On March 15, 2013, the U.S. Court of Appeals for the D.C. Circuit granted Amaranth trader Brian Hunter’s petition for review of a $30 Million fine levied by the Federal Energy Regulatory Commission (FERC). A copy of the decision, Hunter v. FERC, __ F.3d __ (D.C. Cir. 2013), slip opinion, can be found here. FERC had imposed the fine based on trading practices it found were market manipulation violations under section 4A of the Natural Gas Act. Copies of the FERC decisions can be found here and here.
In petitioning the court for review, Hunter asserted that FERC lacked authority to issue the fine because the Commodity Futures Trading Commission (“CFTC”) had exclusive jurisdiction over transactions involving commodity futures contracts. The CFTC, in an action which is currently pending, also took action against Hunter, alleging a violation of section 13(a)(2) of the Commodity Exchange Act for manipulating the price of natural gas futures contracts. The CFTC intervened in Hunter’s petition for review, supporting Hunter’s jurisdictional claims. A copy of that brief can be found here. Much that is asserted in the brief can be found in the court’s decision, including the court’s declining to exercise Chevron deference (deference to an agency’s interpretation of its statute) as a result of the “jurisdictional turf war” between the CFTC and FERC. DC Circuit Decision at p.2. A copy of FERC’s brief on the appeal can be found here.
The court noted that a commodities futures contract is “an executory contract for the sale of a commodity executed at a specific point in time with delivery of the commodity postponed to a future date. … It is a rare case when buyers and sellers settle their obligations under futures contracts by actually delivering the commodity. Rather they routinely take a short or long position in order to speculate on the future price of the commodity.” Id at 3. FERC had found that Hunter had manipulated the natural gas market by timing the sales of significant numbers of natural gas futures contracts in order to reduce the settlement price for natural gas; by positioning his assets, Hunter was able to benefit from the price decrease. Hunter made these trades on the New York Mercantile Exchange (“NYMEX”).
For the court, the case turned on two questions: whether the Commodity Exchange Act (“CEA”) section 2(a)(1)(A) provides the CFTC with exclusive jurisdiction in cases involving commodities futures contracts, even if those contracts relate to natural gas, and if so, whether Congress “clearly and manifestly intended to impliedly repeal CEA section 2(a)(1)(A) when it enacted the Energy Policy Act of 2005.” Id. at p. 7. In other words, the Court addressed the issue of whether FERC and the CFTC share jurisdiction over manipulation related to natural gas futures contracts.
The court reviewed CEA section 2(a)(1)(A) as it existed at the time of Hunter’s trades and found that Congress gave the CFTC “exclusive jurisdiction over transactions conducted on futures markets like the NYMEX,” id. at p. 5, including, “exclusive jurisdiction over the manipulation of natural gas futures contracts,” id. at 7.

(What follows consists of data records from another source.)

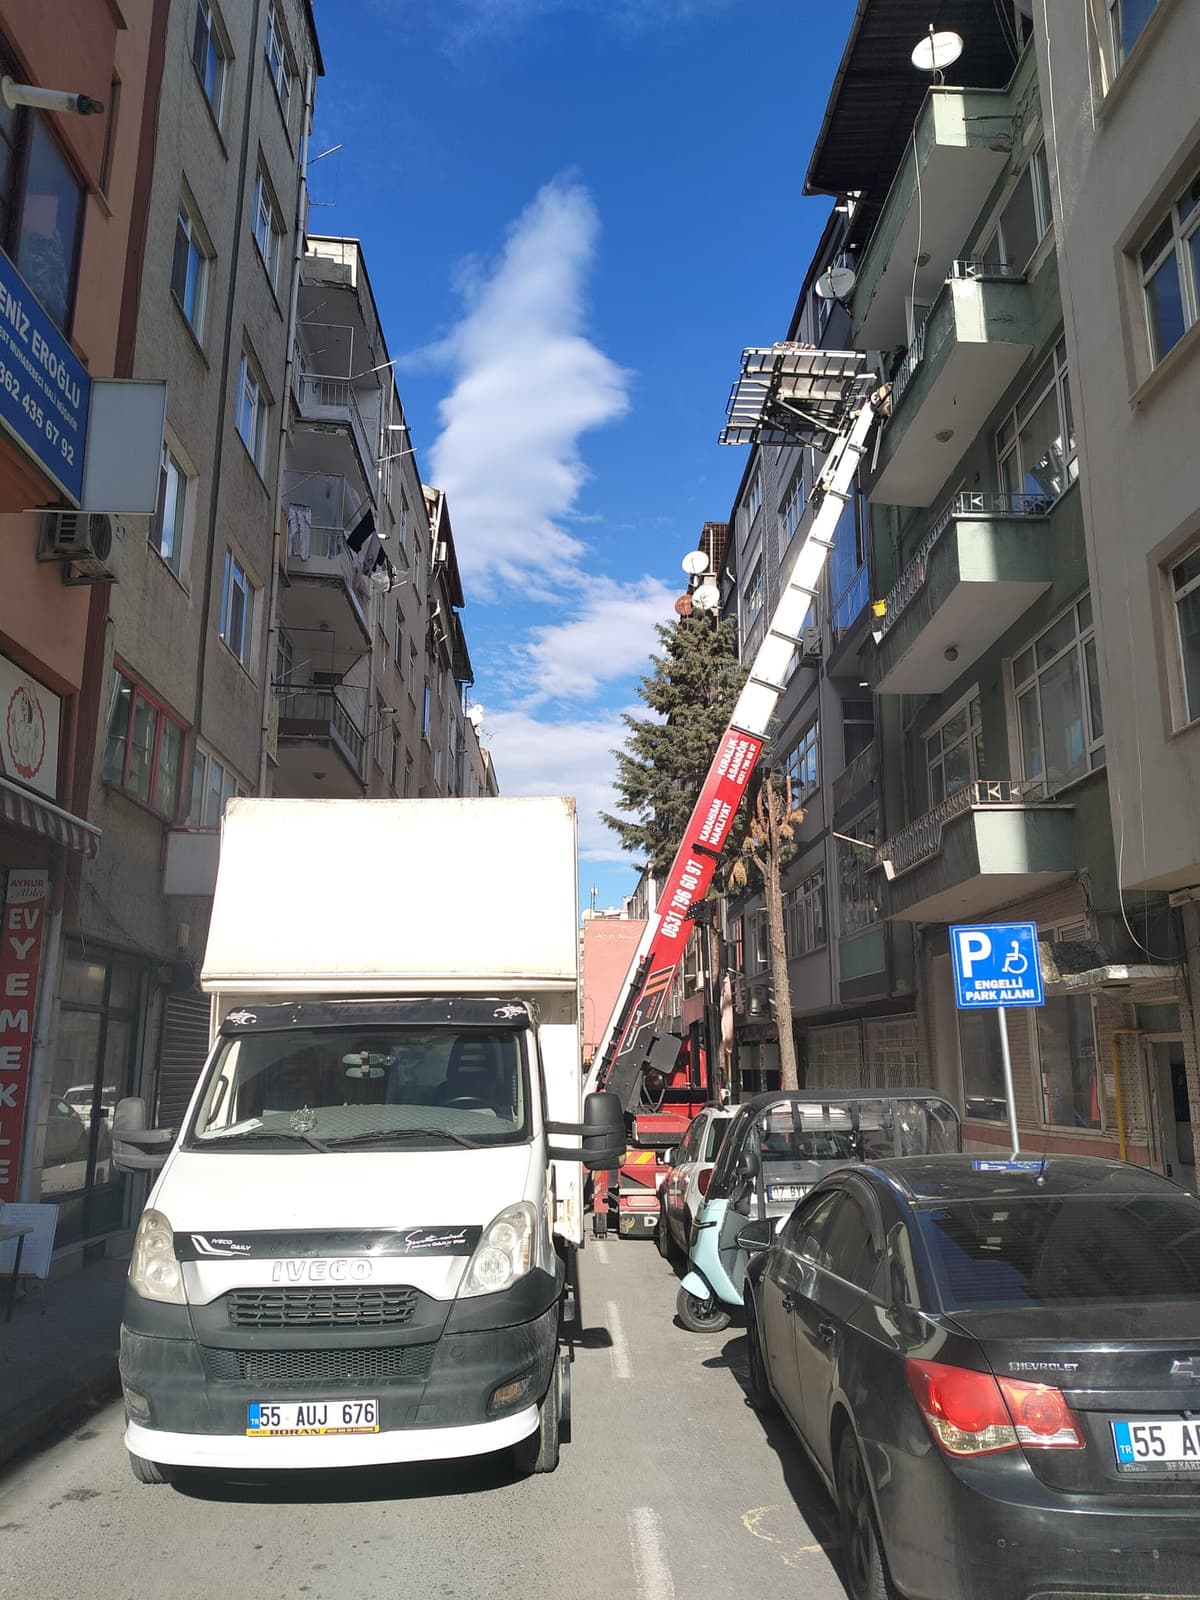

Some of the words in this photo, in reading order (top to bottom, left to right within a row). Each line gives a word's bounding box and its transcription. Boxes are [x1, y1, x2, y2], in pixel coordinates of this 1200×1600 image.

[31, 328, 80, 408] EROĞLU
[22, 394, 43, 428] 435
[46, 420, 59, 446] 67
[61, 438, 74, 466] 92
[716, 738, 739, 776] KIRALIK
[685, 858, 704, 876] 97
[10, 879, 44, 888] AYNUR
[680, 873, 698, 890] 60
[671, 888, 692, 911] 796
[9, 907, 39, 930] EV
[660, 910, 684, 938] 0531
[958, 931, 992, 978] P
[965, 990, 998, 1001] PARK
[999, 988, 1035, 1000] ALANI
[974, 976, 1023, 990] ENGELLİ
[230, 1243, 252, 1251] DAILY
[271, 1259, 373, 1282] IVECO
[1008, 1361, 1079, 1372] CHEVROLET
[260, 1406, 281, 1427] 55
[296, 1404, 328, 1427] AUJ
[342, 1403, 375, 1425] 676
[1119, 1444, 1132, 1455] TR
[1132, 1425, 1166, 1457] 55
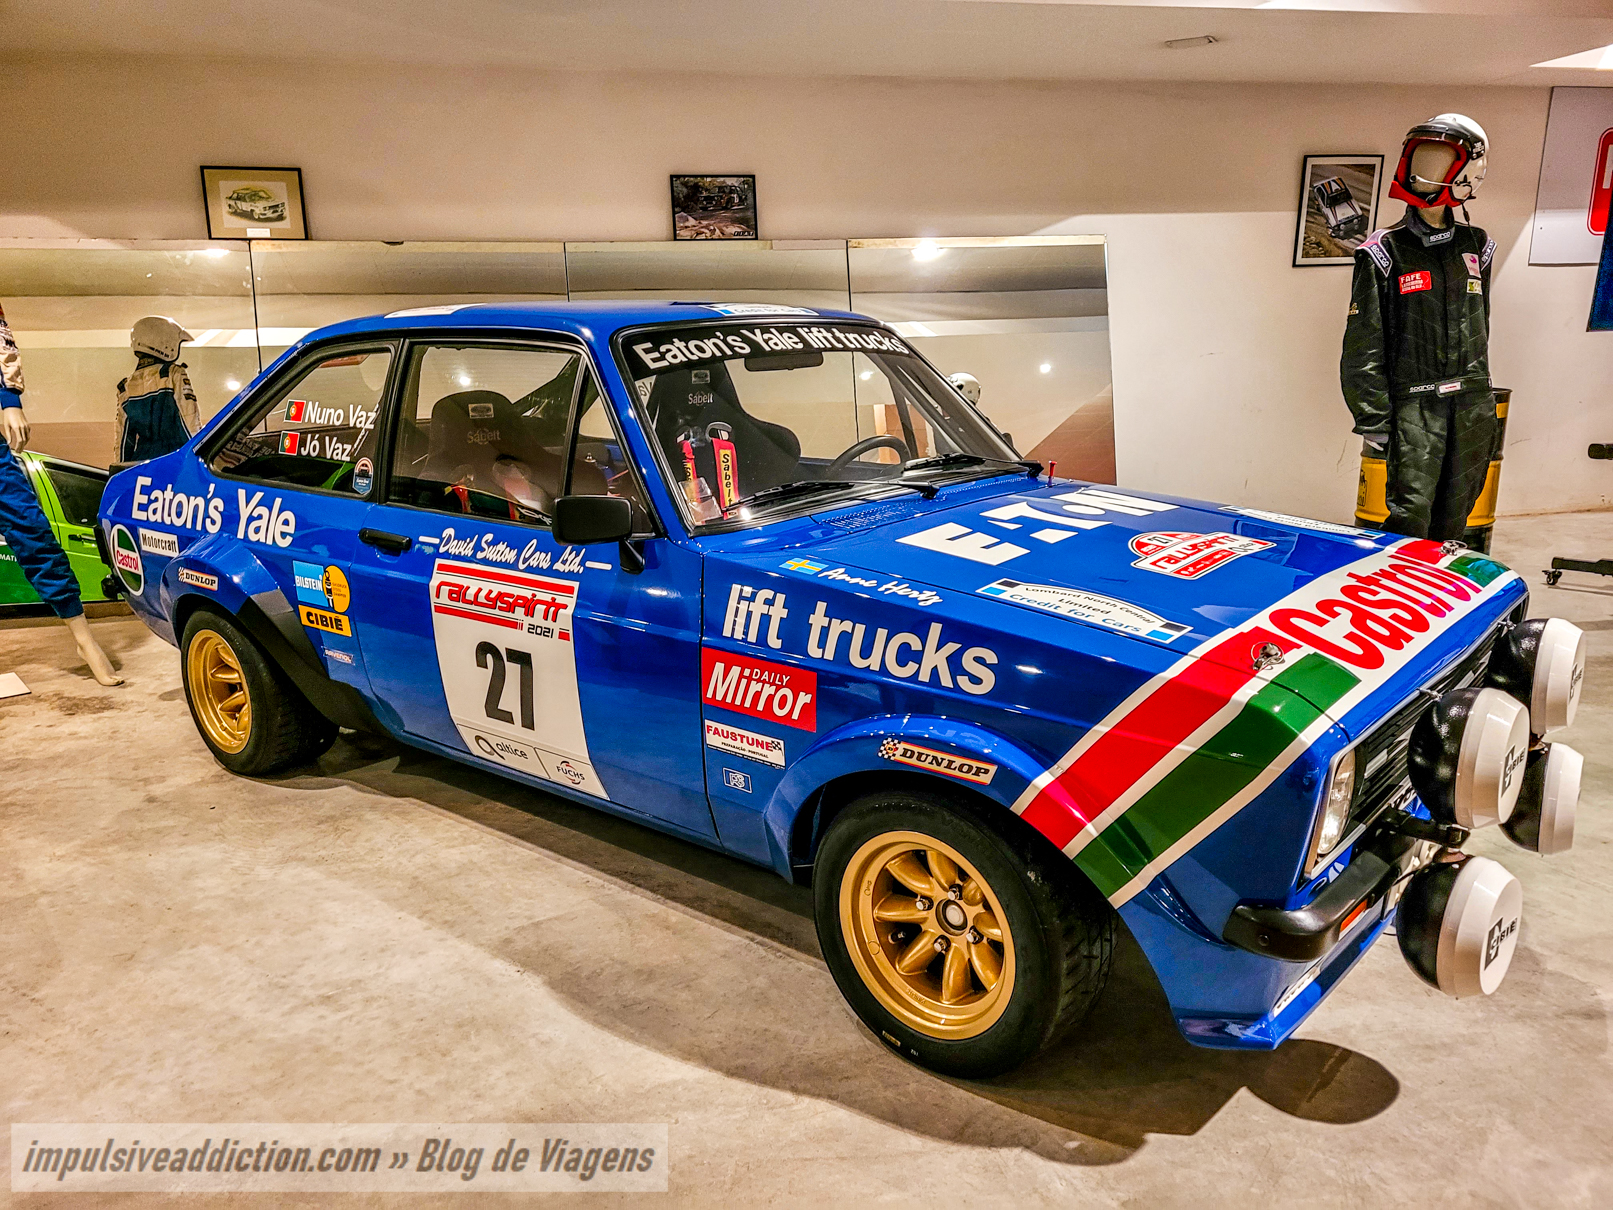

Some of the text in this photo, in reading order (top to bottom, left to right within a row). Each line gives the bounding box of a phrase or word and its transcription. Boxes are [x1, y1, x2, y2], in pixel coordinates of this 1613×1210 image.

[1400, 273, 1422, 284] FAFE
[633, 327, 909, 370] Eaton's Yale lift trucks
[688, 392, 713, 405] Sabelt
[305, 401, 377, 430] Nuno Vaz
[300, 433, 320, 457] Jó
[325, 436, 352, 462] Vaz
[132, 475, 296, 548] Eaton's Yale
[141, 533, 178, 553] Motorcraft
[438, 527, 586, 574] David Sutton Cars Ltd.
[116, 549, 140, 572] Castrol
[185, 573, 217, 587] DUNLOP
[295, 575, 323, 592] BILSTEIN
[877, 580, 944, 607] Hertz
[1009, 593, 1142, 633] Credit for Cars
[1025, 587, 1156, 624] Lombard North Central
[1058, 598, 1112, 615] Limited
[1268, 553, 1482, 670] Castrol
[527, 623, 554, 639] 2021
[722, 583, 999, 696] lift trucks
[475, 640, 535, 731] 27
[752, 668, 790, 686] DAILY
[706, 661, 812, 721] Mirror
[496, 741, 529, 760] altice
[706, 724, 774, 752] FAUSTUNE
[556, 765, 585, 781] FUCHS
[900, 747, 990, 777] DUNLOP
[729, 772, 745, 788] RS

The D.C. Circuit rejected FERC’s assertions that each agency has exclusive jurisdiction over the “day-to-day regulation of their respective physical energy and financial markets” and that when “there is manipulation in one market that directly or indirectly affects the other market, both agencies have an enforcement role.” FERC’s position stemmed from the wording of the Energy Policy Act of 2005, codified at section 4A of the Natural Gas Act, making it “unlawful for any entity, directly or indirectly to use or employ, in connection with purchase or sale of natural gas … any manipulative or deceptive devise or contrivance.” Id. at pp. 5-6 (citations omitted).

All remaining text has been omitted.